# [Input]
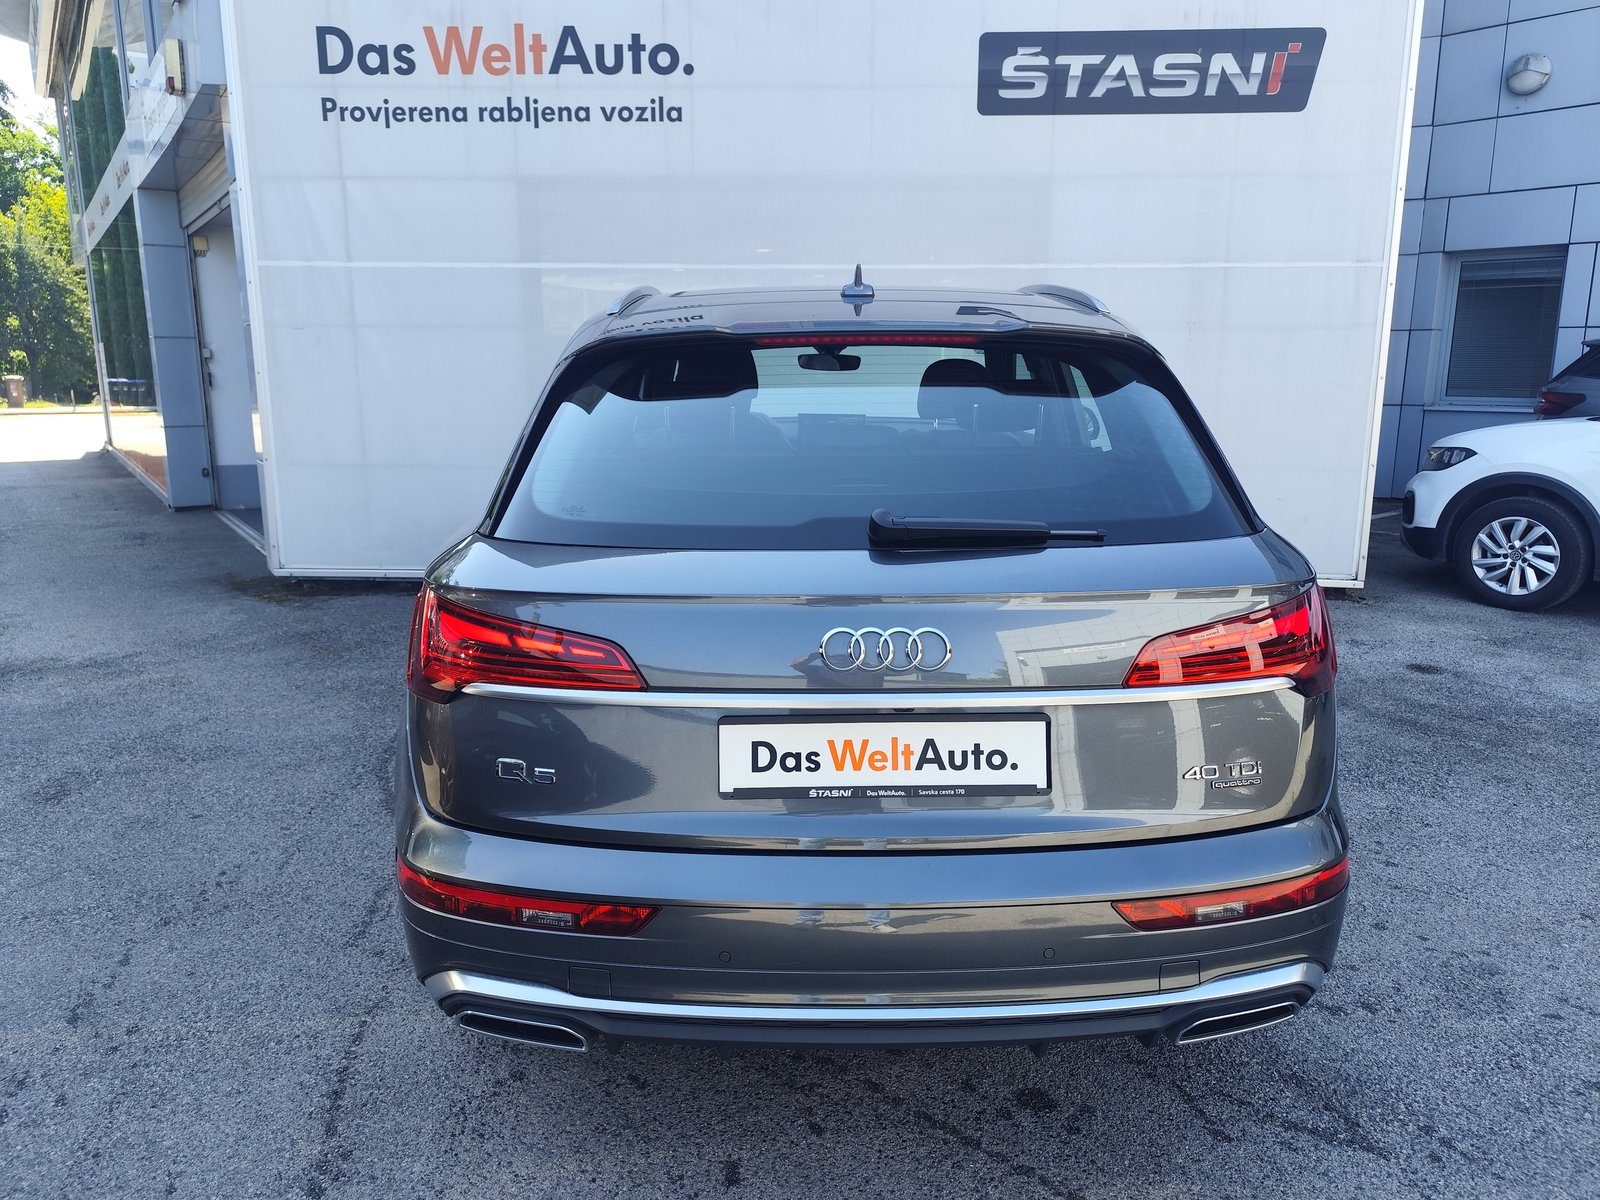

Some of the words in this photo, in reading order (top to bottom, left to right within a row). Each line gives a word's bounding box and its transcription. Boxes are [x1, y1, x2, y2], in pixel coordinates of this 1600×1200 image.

[315, 25, 416, 76] Das
[423, 23, 695, 76] WeltAuto.
[320, 96, 468, 128] Provjerena
[478, 96, 591, 128] rabljena
[600, 96, 683, 123] vozila
[751, 740, 821, 773] Das
[827, 736, 1019, 772] WeltAuto.
[496, 757, 556, 785] Q5
[1183, 765, 1219, 780] 40
[1214, 778, 1261, 789] quattro
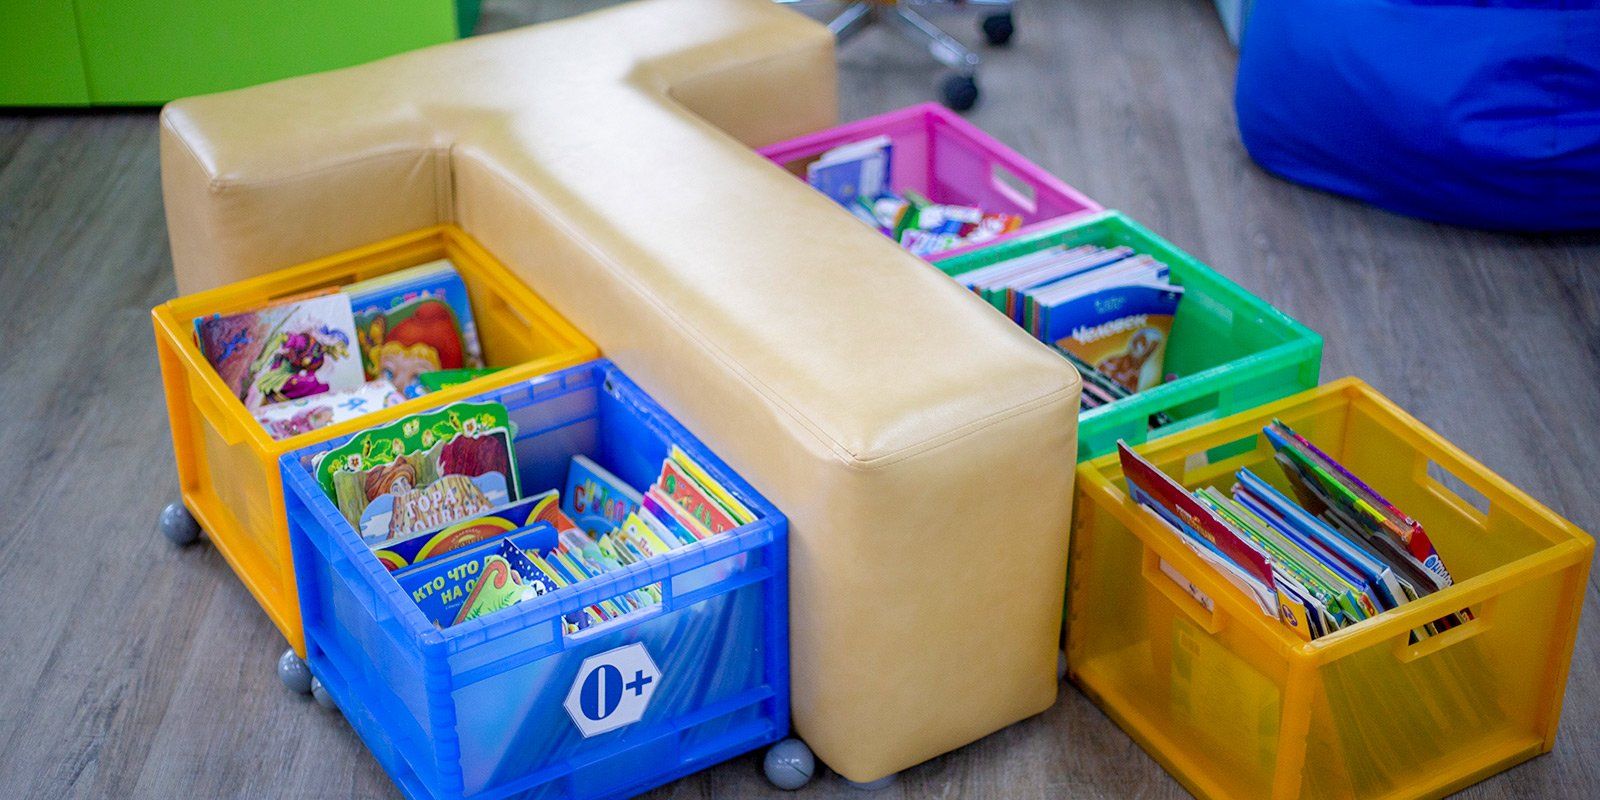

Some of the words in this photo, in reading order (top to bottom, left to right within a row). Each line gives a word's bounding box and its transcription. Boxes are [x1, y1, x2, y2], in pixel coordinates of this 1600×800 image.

[1072, 313, 1148, 345] Человек
[406, 488, 456, 518] ГОРА
[412, 576, 446, 604] КТО
[447, 560, 480, 581] ЧТО
[441, 585, 463, 605] НА
[580, 664, 653, 722] 0+

# [What is required]
Pictures omitted, give the entries again exactly.

# [Solution]
Some of the words in this photo, in reading order (top to bottom, left to right within a row). Each line gives a word's bounding box and its transcription. Boxes are [x1, y1, x2, y2], in pixel coordinates of this 1600×1200 image.

[315, 25, 416, 76] Das
[423, 23, 695, 76] WeltAuto.
[320, 96, 468, 128] Provjerena
[478, 96, 591, 128] rabljena
[600, 96, 683, 123] vozila
[751, 740, 821, 773] Das
[827, 736, 1019, 772] WeltAuto.
[496, 757, 556, 785] Q5
[1183, 765, 1219, 780] 40
[1214, 778, 1261, 789] quattro

Some of the words in this photo, in reading order (top to bottom, left to right within a row). Each line gives a word's bounding box and its transcription. Boxes are [x1, y1, x2, y2], in pixel coordinates of this 1600×800 image.

[1072, 313, 1148, 345] Человек
[406, 488, 456, 518] ГОРА
[412, 576, 446, 604] КТО
[447, 560, 480, 581] ЧТО
[441, 585, 463, 605] НА
[580, 664, 653, 722] 0+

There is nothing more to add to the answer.